改めてHPを確認してみると、Chrome, Firefoxより高速というのは書いてあるが、メモリ消費については一切触れられていなかった。

追記
実はCNETの記事で「Braveは、モバイルとデスクトップの両方で、私が今年使った中で最も高速なブラウザです。ブラウザのメモリ使用量は他のほとんどのブラウザをはるかに下回っており、ウェブサイトの読み込みははるかに速くなっています。」
と書かれていました。それがHPに載ってた。
でも、インストール直後で比較してもBraveがメモリ消費で勝ってることなんてなかったので、これガセでは?となっている

つまりはそういうことである。

高速ではない

初期の読み込みがワンテンポ遅い。

CNNのBrave, Chrome, Firefoxの比較動画を見てほしい

https://player.vimeo.com/video/371512354?dnt=true

これを見れば、Braveは広告を読み込まないから高速なだけというのがわかると思う。

つまり、アンフェアな検証だ。

ChromeとFirefoxだって、広告ブロッカー拡張を入れれば、たぶんBraveと同じレベルで高速化できる。

Braveは早くない。むしろワンテンポ遅い。

細かいフリーズ

たまに固まる。

スクロールとか、クリックとか、タブ移動とか。

いちいちストレスが溜まっていく。

いつ実装されるかわからない同期機能

Brave syncという、同期機能がある。

これはブックマーク共有のための機能であるが、これがいつまで経っても実装されない。

実は有効化することはできる。

brave://flagsにアクセスして、brave syncを有効にすると、使うことができる。

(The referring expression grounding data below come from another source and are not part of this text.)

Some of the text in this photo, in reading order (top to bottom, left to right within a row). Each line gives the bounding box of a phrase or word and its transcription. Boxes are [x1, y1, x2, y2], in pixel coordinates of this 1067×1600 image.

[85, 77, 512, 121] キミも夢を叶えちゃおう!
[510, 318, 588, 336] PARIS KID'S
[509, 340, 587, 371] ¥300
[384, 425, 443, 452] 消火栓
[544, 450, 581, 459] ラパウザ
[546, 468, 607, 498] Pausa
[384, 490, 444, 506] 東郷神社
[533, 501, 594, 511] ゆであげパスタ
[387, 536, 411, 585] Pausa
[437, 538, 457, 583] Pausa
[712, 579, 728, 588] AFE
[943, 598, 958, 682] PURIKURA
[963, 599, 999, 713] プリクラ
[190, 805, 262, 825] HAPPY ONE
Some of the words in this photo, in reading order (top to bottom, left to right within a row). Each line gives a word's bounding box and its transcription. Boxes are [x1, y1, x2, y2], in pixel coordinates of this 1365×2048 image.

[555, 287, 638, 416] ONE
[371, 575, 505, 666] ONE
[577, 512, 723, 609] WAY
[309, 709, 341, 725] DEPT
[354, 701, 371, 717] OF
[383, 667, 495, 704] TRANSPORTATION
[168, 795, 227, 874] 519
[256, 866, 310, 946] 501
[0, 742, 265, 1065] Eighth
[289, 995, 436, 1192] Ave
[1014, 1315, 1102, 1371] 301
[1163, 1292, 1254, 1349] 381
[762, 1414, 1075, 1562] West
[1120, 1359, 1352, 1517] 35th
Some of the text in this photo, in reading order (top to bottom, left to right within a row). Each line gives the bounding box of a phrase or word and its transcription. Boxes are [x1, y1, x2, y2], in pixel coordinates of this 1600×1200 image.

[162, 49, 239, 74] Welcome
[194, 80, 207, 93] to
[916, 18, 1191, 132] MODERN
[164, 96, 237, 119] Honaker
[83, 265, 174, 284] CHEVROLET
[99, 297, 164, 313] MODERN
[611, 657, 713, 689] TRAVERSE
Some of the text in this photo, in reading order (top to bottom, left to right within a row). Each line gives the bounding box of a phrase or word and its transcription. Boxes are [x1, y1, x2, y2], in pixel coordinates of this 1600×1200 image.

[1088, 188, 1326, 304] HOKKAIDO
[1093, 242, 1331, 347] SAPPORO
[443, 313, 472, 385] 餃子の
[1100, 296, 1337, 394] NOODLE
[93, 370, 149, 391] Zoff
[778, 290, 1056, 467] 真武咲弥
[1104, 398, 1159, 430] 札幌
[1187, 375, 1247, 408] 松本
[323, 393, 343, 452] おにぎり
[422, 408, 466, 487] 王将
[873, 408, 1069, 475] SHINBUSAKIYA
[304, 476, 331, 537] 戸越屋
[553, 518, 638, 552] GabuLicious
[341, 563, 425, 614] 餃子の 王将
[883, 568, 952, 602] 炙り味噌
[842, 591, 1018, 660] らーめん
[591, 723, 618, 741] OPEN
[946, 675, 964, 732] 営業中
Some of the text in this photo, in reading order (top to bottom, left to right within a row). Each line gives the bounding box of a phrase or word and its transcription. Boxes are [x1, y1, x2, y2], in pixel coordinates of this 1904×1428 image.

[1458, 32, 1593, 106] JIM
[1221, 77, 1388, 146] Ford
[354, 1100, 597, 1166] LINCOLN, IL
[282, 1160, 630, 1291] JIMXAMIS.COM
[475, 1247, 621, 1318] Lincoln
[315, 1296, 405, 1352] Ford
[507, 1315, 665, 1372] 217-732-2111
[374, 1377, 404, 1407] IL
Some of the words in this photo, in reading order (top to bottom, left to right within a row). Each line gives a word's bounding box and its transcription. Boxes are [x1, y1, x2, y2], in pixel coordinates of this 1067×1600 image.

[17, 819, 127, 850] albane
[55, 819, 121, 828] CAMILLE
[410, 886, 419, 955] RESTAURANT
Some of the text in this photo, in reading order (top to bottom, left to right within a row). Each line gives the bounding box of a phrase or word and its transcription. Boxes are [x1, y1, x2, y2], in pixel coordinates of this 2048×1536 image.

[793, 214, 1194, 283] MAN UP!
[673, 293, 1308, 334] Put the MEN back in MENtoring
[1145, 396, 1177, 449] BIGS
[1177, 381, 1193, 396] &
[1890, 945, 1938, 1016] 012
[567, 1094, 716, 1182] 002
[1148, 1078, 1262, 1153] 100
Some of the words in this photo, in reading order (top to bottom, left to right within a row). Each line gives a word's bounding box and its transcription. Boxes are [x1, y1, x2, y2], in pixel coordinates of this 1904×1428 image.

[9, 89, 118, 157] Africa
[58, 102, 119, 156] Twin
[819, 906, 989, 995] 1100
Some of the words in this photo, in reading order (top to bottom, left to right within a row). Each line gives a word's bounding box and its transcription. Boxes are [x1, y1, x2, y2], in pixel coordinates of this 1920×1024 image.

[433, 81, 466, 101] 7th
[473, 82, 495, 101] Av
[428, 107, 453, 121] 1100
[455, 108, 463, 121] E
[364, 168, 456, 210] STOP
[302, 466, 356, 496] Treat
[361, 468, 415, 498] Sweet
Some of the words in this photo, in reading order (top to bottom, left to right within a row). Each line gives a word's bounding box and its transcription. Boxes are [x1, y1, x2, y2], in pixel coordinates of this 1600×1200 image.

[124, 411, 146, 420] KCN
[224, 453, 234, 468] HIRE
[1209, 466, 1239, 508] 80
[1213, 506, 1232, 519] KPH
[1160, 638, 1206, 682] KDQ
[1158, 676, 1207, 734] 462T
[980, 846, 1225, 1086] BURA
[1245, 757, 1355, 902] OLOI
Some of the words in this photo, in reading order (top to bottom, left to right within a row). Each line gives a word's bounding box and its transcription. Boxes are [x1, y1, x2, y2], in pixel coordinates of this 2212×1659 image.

が、アップデートで設定時に落ちるようになってしまった。なんで。

まともに使えない。

ブックマーク同期ができないのは、非常に迷惑である。

スマホとブックマーク同期ができれば、もっと簡単にスムーズなインターネット体験ができるはずだ。

なのにまだ実装されない。どうして。

効率だいじに

今まで、Braveでできないことは全部Chromeを起動してやってきた。
(たまにBrave Shields外しても正常動作しないサイトがある)

Chromeなら、Brave Rewards以外普通のブラウザ機能は全部揃ってる。

果たしてどっちが優秀な選択か、考えなくてもわかる。

そろそろ、幻想を見るのはやめます。

Braveが本当の”Brave ブラウザー”になったとき、また戻ってきます。